The authors are deeply grateful to the study participants who freely donated months of their life for the advancement of knowledge and for a better future for traumatic leg amputees. Thanks are also due to T. Palibrk for helping during the surgical implantation/explantation of the TIMEs and M. Marazzi for helping during the data analysis. European Research Council grant no. 759998 (FeelAgain), European Commission grant no. 754497 (SensAgain) and Swiss National Science Foundation grant no. 176006 (SYMBIO-LEG) funded this research.

Author information




F.M.P. designed the study, developed the software and the overall system integration, performed and supervised the experiments, analyzed the data and wrote and reviewed the paper. M.B. performed the surgeries, was responsible for all the clinical aspects of the study and reviewed the manuscript. G.V. developed the software and the overall system integration, performed the experiments, analyzed the data and reviewed the manuscript. V.I. and S. Mazic collected and analyzed the metabolic measurements. P.M. and B.M. collected and analyzed the EEG measurements. P.C. and T.S. developed the TIME electrodes and delivered technical assistance during the implantation and explanation procedures. F.B. and D.B. developed the software and the overall system integration and performed the experiments. N.K. analyzed the data. D.G. and D.A. designed the hardware and embedded software (real-time control) for STIMEP. K.L. and A.A. participated in the experimental design, prosthesis fitting and system integration, discussed the results and reviewed the manuscript.
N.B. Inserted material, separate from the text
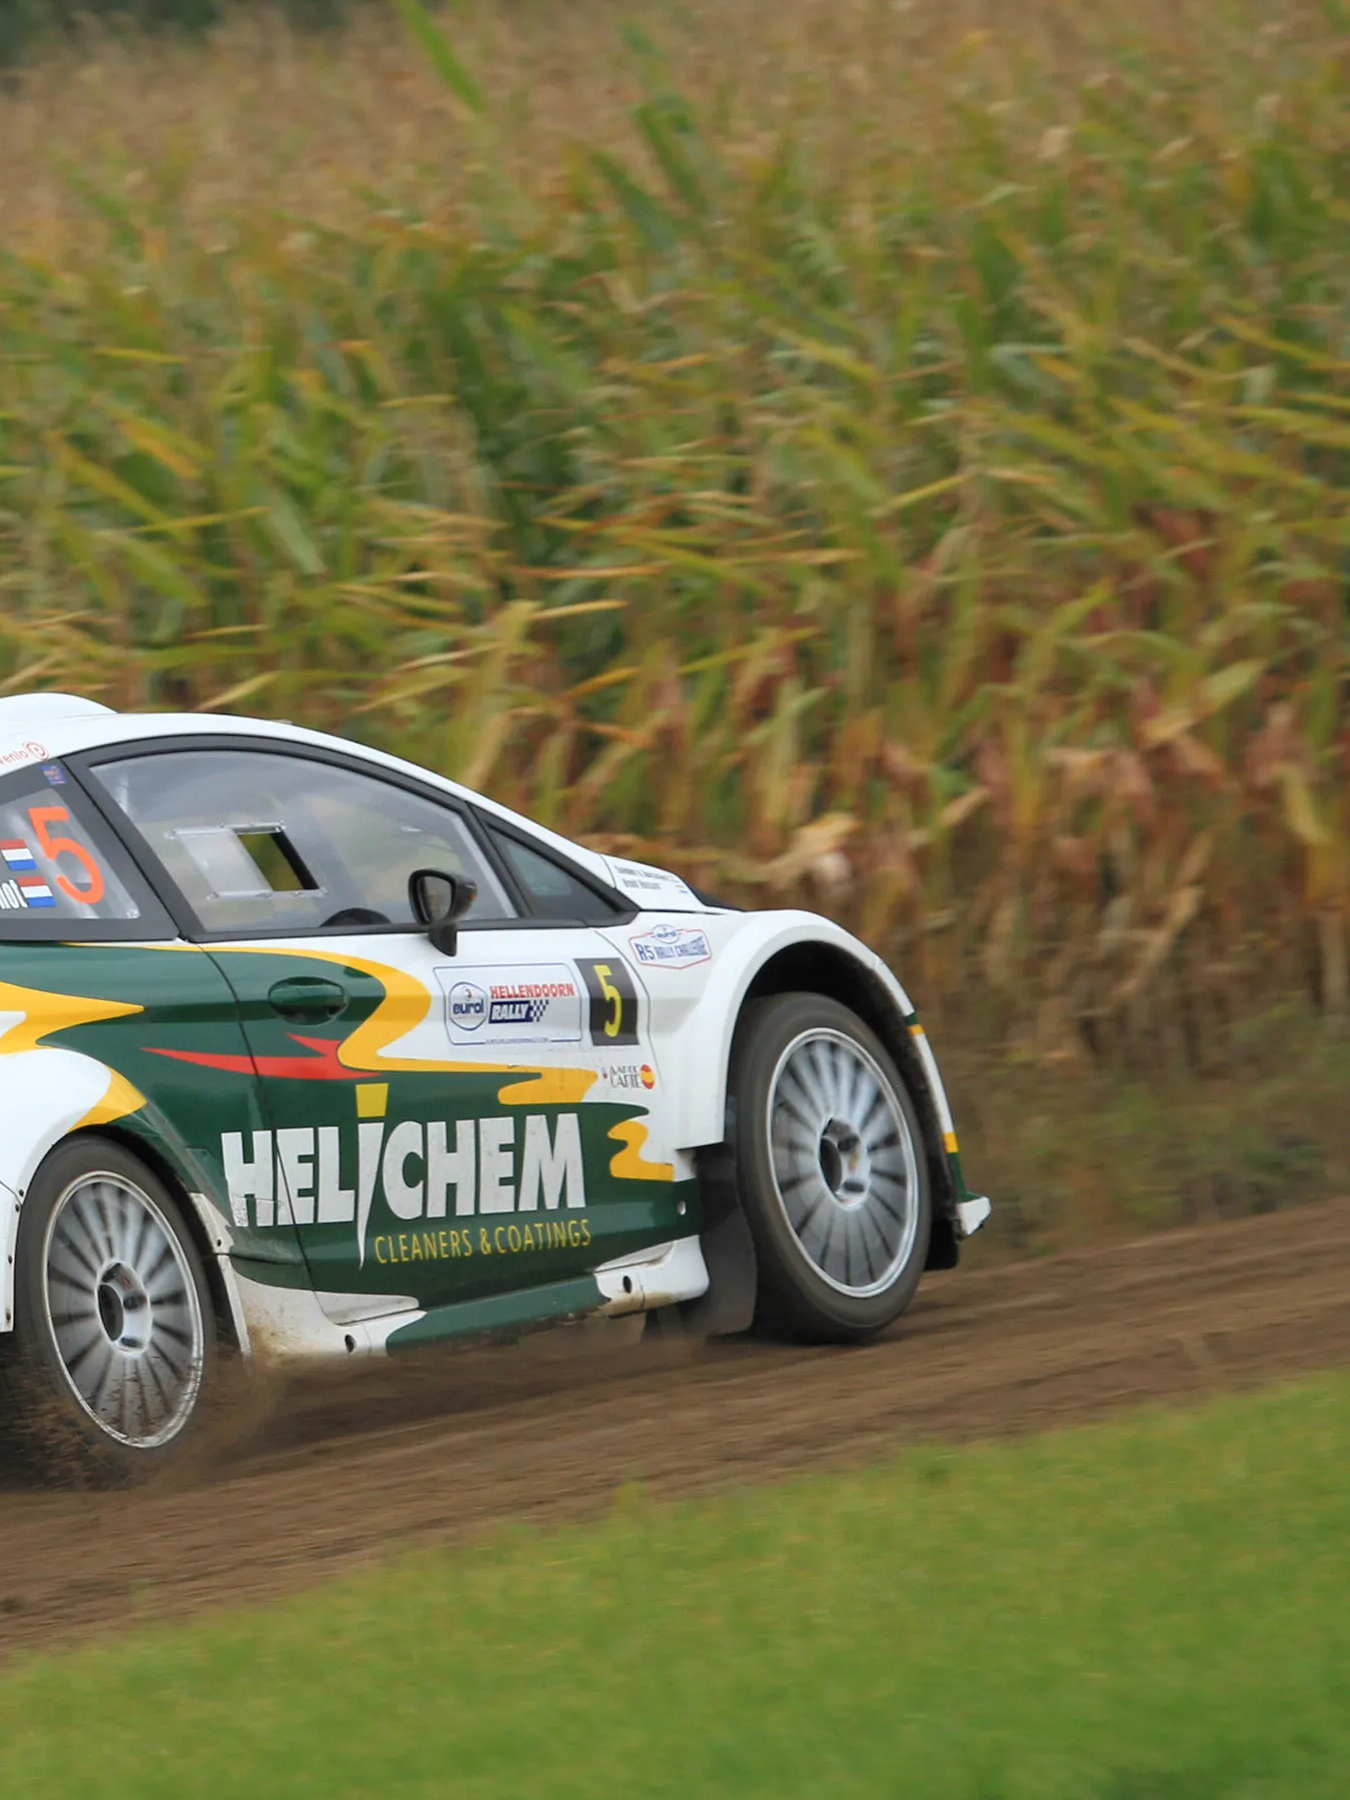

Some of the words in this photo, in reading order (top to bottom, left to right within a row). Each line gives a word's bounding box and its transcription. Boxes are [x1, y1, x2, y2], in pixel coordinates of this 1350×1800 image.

A.L. assisted with the surgeries, selected the participants and managed the regulatory pathway and clinical aspects. S. Micera designed the study, discussed the results and wrote the manuscript. S.R. designed the study, performed and supervised the experiments, managed the regulatory pathway, coanalyzed the data and wrote the manuscript. All authors had access to the relevant data. All authors authorized submission of the manuscript; the final submission decision was taken by the corresponding author.

Corresponding author

Correspondence to Stanisa Raspopovic.

Ethics declarations

Competing interests

F.M.P., S.R. and S. Micera hold shares of SensArs Neuroprosthetics Sarl, a start-up company dealing with the commercialization of neurocontrolled artificial limbs. The other authors declare no competing interests.

Additional information

Peer review information: Brett Benedetti was the primary editor on this article and managed its editorial process and peer review in collaboration with the rest of the editorial team.
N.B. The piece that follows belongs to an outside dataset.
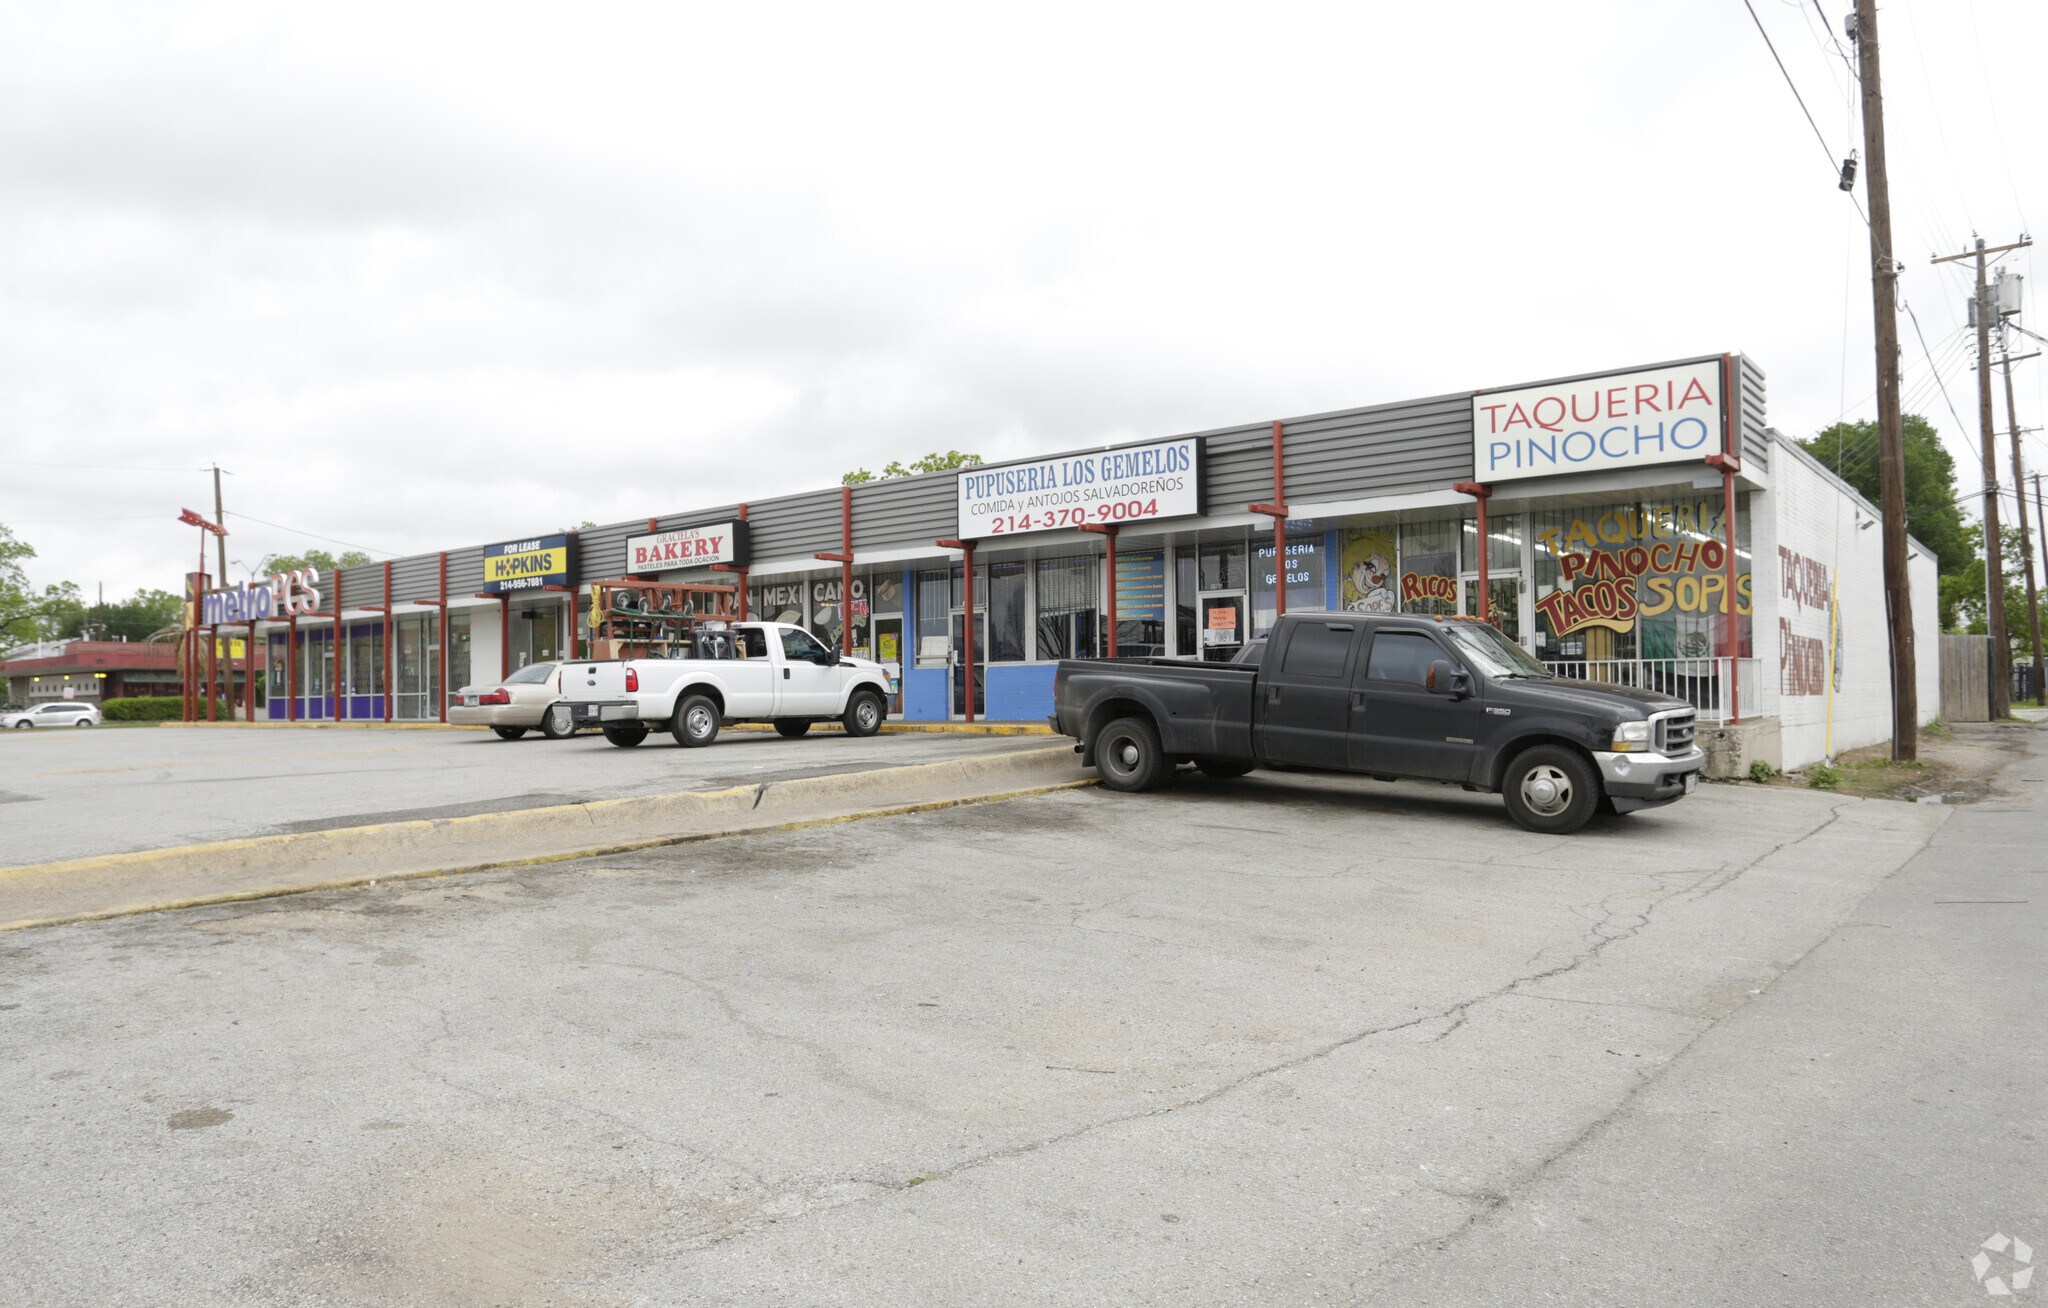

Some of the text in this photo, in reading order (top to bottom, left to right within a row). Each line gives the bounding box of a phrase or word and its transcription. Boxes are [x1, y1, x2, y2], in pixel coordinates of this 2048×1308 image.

Publisher’s note: Springer Nature remains neutral with regard to jurisdictional claims in published maps and institutional affiliations.

Extended data

Extended Data Fig. 1 Surgical implantation of the neural interfaces.
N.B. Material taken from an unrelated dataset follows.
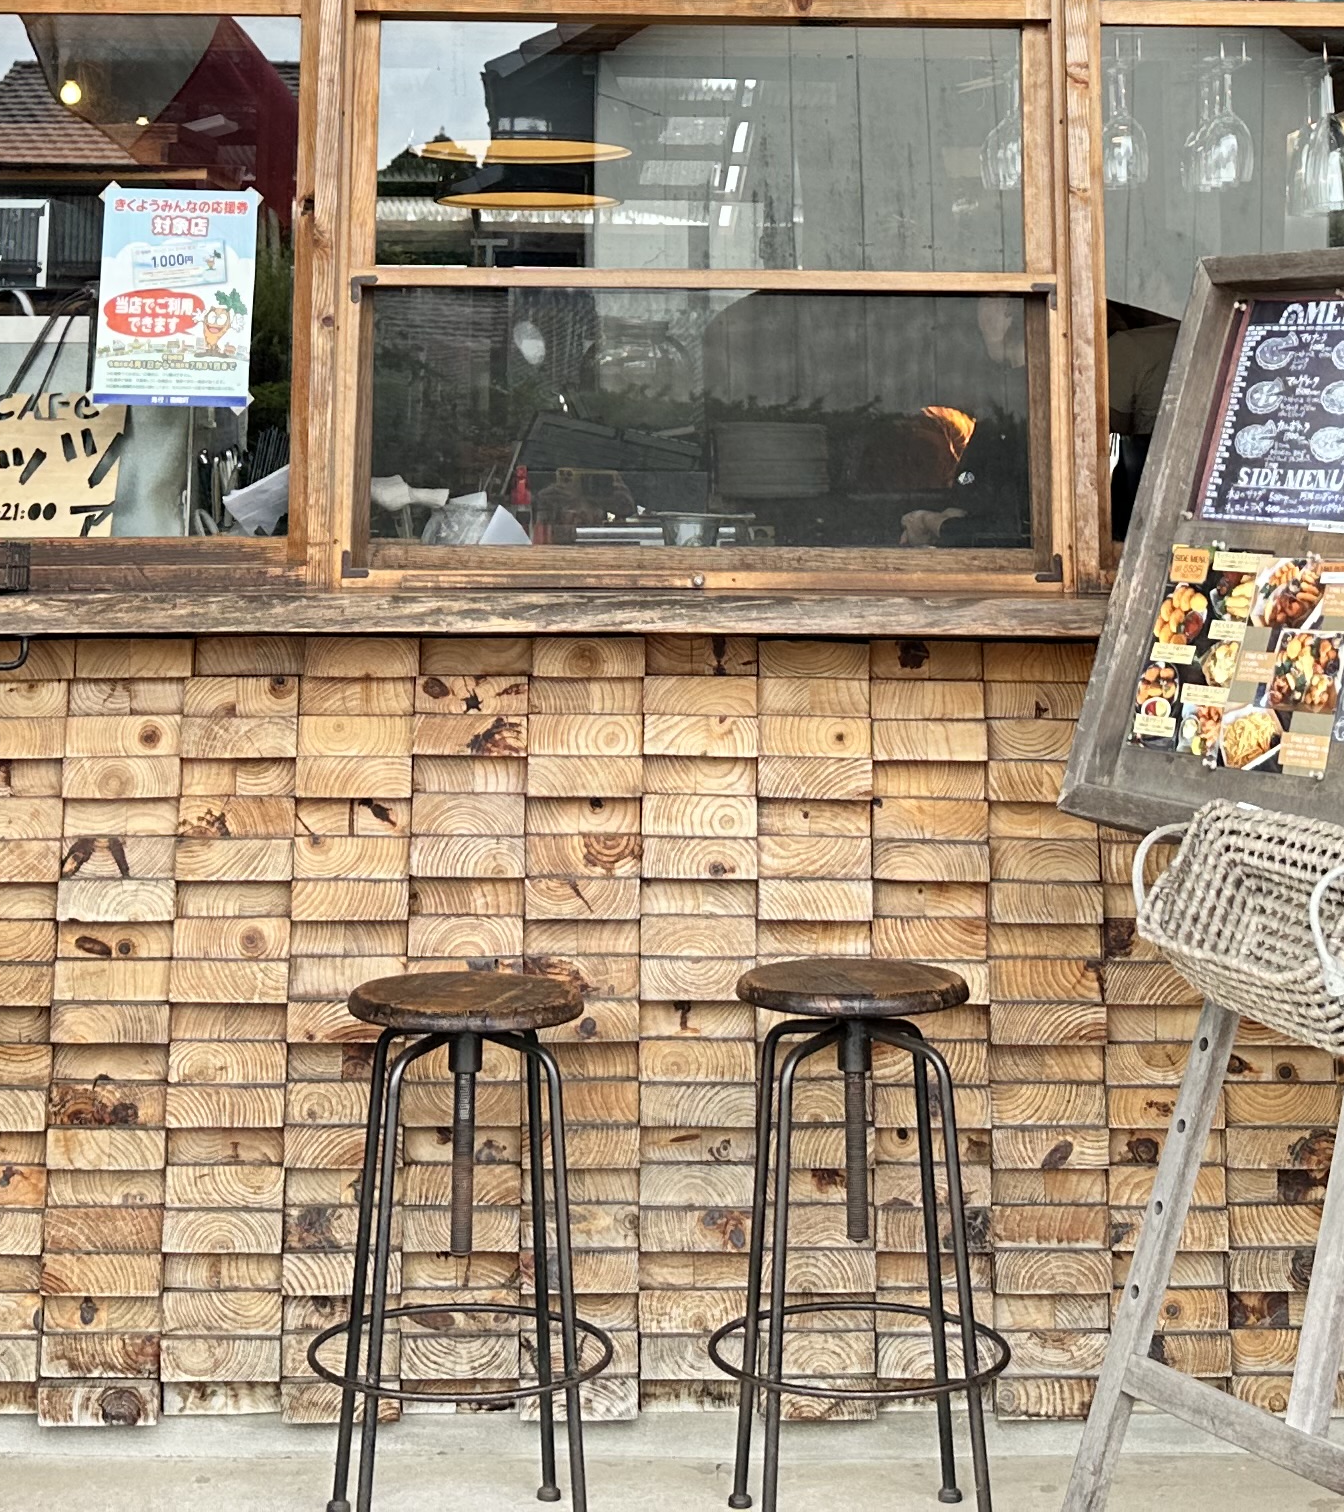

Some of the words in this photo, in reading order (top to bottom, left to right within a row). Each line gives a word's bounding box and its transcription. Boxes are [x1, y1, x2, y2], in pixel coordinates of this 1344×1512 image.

[152, 215, 209, 237] 対象店
[115, 296, 194, 316] 当店でご利用
[128, 316, 180, 333] できます
[1237, 467, 1284, 487] SIDE
After the nerve dissection from the surrounding tissues, a small window is opened on the nerve epineurium, exposing different fascicles, which can be visualized. The implants are placed by carefully pulling the guiding needle, which is connected to the electrodes. The implants are positioned to cross the majority of fascicles in a very close (longitudinal) space. Cables are fixed by flap preparation from the fascia tissue. The electrode cables are tunneled through the thigh and pulled out of the leg through small incisions (for each cable, a small skin incision is made) just a few centimeters below the iliac crest, to enable transcutaneous connection with the neurostimulator. Electrode positioning is shown in the X-ray pictures taken before explantation (bottom right).

Extended Data Fig. 2 Sensation characterization.

The sensation characterization process is implemented to determine the response of the individual to the stimulation. a, Distribution of tactile sensations over the foot elicited by the stimulation of the four electrodes (color-coded). The number of electrode sites evoking a sensation in the foot is reported. b, Distribution of sensations over the lower leg (A, gastrocnemius caput medialis; B, gastrocnemius caput lateralis; C, soleus; D, posterior ankle). The number of active sites eliciting sensations is also reported. c, The percentage of sensation types reported during the trial for each participant is shown. d, The evoked sensation extension according to the minimum and maximum perceived intensity is displayed. Data are reported for three different days and two active sites in both participants. e, The proportional relationship between the amplitude of the injected pulses and the normalized perceived sensation intensity for participant 2 is shown. Pulse width and stimulation frequency are displayed. The points indicate the mean ratings (n = 6 ramps of stimulation amplitudes); the error bars denote the s.d.; the faded line is the line of best fit. The coefficient of determination R2 and P = 5.7 × 10−7 obtained from the Pearson correlation coefficient calculation (to test if the corresponding correlation R is considered significant) are reported.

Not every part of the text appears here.